How to complete this task:
Each line from the one that contains "this 1600×1200 image." to the end of the entries must be copied word for word, and only those lines.

Dataset excerpts
· · · ·

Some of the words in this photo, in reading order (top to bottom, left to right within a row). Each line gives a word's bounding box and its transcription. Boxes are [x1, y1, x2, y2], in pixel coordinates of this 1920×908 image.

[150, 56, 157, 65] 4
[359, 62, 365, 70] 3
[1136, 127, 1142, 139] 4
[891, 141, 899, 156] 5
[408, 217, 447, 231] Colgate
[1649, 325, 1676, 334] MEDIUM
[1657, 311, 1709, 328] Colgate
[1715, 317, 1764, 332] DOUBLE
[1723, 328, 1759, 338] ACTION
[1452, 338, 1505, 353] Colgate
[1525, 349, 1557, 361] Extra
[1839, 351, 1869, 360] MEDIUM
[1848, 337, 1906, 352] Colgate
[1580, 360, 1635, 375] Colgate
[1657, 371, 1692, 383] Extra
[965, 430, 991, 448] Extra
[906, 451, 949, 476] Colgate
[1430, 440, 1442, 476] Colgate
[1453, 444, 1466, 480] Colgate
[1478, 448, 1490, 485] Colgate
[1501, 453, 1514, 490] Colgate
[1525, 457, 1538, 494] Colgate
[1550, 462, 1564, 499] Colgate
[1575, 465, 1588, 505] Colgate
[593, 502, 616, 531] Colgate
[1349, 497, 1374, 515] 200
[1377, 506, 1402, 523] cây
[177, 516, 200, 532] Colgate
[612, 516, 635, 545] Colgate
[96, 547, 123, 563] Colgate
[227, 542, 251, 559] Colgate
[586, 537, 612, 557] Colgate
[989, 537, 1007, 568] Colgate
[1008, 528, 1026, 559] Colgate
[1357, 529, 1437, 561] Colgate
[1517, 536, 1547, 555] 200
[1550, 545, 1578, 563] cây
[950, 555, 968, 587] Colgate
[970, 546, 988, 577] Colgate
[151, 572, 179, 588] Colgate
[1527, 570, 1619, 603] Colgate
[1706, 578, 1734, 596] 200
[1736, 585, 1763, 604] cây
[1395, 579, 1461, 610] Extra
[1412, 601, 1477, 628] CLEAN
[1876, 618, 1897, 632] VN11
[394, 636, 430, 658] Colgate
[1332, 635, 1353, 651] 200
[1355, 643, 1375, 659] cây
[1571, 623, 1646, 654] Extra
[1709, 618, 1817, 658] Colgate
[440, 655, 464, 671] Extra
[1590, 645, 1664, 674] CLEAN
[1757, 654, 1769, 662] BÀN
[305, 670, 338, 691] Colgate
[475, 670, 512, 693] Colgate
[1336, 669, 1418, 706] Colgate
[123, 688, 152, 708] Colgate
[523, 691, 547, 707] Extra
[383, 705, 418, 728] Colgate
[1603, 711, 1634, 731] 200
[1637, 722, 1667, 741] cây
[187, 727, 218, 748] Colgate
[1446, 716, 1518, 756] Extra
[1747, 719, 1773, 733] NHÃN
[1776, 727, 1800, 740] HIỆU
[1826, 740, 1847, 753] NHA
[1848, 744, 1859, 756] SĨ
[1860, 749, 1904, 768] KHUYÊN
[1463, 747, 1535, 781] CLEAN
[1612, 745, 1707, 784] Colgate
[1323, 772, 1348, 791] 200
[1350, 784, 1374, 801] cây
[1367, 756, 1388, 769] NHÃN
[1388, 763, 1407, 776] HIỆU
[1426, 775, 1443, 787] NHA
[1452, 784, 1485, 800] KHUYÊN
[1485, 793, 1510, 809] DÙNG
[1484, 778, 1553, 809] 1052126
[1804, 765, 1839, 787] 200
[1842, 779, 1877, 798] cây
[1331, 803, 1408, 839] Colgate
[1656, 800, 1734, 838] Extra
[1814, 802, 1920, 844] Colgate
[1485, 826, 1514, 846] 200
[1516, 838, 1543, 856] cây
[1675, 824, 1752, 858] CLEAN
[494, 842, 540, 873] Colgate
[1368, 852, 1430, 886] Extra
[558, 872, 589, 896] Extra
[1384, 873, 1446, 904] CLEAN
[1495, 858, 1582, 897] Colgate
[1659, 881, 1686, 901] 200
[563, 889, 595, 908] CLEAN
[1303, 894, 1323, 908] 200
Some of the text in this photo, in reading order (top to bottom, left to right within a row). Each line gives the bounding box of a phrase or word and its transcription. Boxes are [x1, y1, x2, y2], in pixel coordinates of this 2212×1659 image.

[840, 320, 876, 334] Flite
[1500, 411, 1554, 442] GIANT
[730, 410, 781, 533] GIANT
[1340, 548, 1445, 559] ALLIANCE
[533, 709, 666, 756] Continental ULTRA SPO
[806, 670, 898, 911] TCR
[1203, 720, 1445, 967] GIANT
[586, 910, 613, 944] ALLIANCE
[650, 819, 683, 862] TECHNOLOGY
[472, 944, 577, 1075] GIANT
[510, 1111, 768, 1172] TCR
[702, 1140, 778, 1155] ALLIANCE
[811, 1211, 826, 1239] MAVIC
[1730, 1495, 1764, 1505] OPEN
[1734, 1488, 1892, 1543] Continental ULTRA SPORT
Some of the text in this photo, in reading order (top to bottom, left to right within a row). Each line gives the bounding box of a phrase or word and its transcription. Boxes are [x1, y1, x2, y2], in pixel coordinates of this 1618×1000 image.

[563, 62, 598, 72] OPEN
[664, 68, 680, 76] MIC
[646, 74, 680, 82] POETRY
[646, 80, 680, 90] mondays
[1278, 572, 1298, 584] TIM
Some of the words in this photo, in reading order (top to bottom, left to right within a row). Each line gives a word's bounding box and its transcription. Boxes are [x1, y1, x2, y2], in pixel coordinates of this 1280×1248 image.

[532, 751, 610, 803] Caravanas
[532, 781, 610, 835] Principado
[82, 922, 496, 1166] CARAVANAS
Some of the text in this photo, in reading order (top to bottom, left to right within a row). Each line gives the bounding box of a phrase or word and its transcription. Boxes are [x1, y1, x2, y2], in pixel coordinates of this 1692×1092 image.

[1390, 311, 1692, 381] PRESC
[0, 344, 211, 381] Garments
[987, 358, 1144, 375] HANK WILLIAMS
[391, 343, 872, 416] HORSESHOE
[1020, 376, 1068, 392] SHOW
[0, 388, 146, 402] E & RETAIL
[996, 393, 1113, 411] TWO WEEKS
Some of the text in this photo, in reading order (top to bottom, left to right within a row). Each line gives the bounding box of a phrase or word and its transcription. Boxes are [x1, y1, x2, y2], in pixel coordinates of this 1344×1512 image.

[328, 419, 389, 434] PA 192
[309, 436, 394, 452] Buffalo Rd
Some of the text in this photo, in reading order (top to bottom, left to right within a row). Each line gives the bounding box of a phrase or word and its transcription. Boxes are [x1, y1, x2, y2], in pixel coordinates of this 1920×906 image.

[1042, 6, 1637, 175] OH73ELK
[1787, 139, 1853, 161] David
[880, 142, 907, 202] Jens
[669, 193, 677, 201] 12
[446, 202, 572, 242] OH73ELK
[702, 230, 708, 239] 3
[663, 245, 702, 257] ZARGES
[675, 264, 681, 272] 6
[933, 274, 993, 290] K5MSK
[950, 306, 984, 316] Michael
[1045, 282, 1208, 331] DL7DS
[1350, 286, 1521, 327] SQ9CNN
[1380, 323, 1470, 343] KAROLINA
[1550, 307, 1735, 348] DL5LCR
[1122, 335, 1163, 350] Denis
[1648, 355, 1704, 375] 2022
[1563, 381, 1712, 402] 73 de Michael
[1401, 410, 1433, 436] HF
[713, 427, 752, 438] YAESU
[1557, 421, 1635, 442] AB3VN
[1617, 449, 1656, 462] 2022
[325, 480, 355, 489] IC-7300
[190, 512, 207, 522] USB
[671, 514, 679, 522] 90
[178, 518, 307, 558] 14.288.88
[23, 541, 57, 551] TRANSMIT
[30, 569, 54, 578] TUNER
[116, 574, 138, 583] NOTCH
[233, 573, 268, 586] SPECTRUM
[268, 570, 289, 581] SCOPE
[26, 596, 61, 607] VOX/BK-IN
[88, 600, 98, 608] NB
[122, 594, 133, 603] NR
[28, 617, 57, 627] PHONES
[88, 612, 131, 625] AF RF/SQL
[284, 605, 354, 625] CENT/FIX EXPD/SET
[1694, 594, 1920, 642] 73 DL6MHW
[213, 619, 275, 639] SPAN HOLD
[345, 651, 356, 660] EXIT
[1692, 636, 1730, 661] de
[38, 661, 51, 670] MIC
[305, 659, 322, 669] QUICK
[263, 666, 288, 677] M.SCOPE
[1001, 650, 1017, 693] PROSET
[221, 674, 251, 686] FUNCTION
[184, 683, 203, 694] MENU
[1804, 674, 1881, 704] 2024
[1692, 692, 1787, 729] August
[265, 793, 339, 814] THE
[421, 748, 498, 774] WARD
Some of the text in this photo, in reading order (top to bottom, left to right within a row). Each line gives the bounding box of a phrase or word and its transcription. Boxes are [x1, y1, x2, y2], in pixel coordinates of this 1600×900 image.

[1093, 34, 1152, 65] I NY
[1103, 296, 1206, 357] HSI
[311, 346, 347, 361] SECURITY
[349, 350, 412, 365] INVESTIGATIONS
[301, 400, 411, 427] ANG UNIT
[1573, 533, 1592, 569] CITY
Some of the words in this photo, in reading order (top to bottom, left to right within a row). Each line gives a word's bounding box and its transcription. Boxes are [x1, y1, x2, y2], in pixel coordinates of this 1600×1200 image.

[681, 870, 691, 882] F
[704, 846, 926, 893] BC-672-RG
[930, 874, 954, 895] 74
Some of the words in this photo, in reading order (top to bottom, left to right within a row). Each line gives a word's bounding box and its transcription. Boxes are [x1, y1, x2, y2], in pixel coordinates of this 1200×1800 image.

· · · ·

Output for this task:
Some of the words in this photo, in reading order (top to bottom, left to right within a row). Each line gives a word's bounding box and its transcription. Boxes are [x1, y1, x2, y2], in pixel coordinates of this 1600×1200 image.

[681, 870, 691, 882] F
[704, 846, 926, 893] BC-672-RG
[930, 874, 954, 895] 74
Some of the words in this photo, in reading order (top to bottom, left to right within a row). Each line gives a word's bounding box and its transcription. Boxes are [x1, y1, x2, y2], in pixel coordinates of this 1200×1800 image.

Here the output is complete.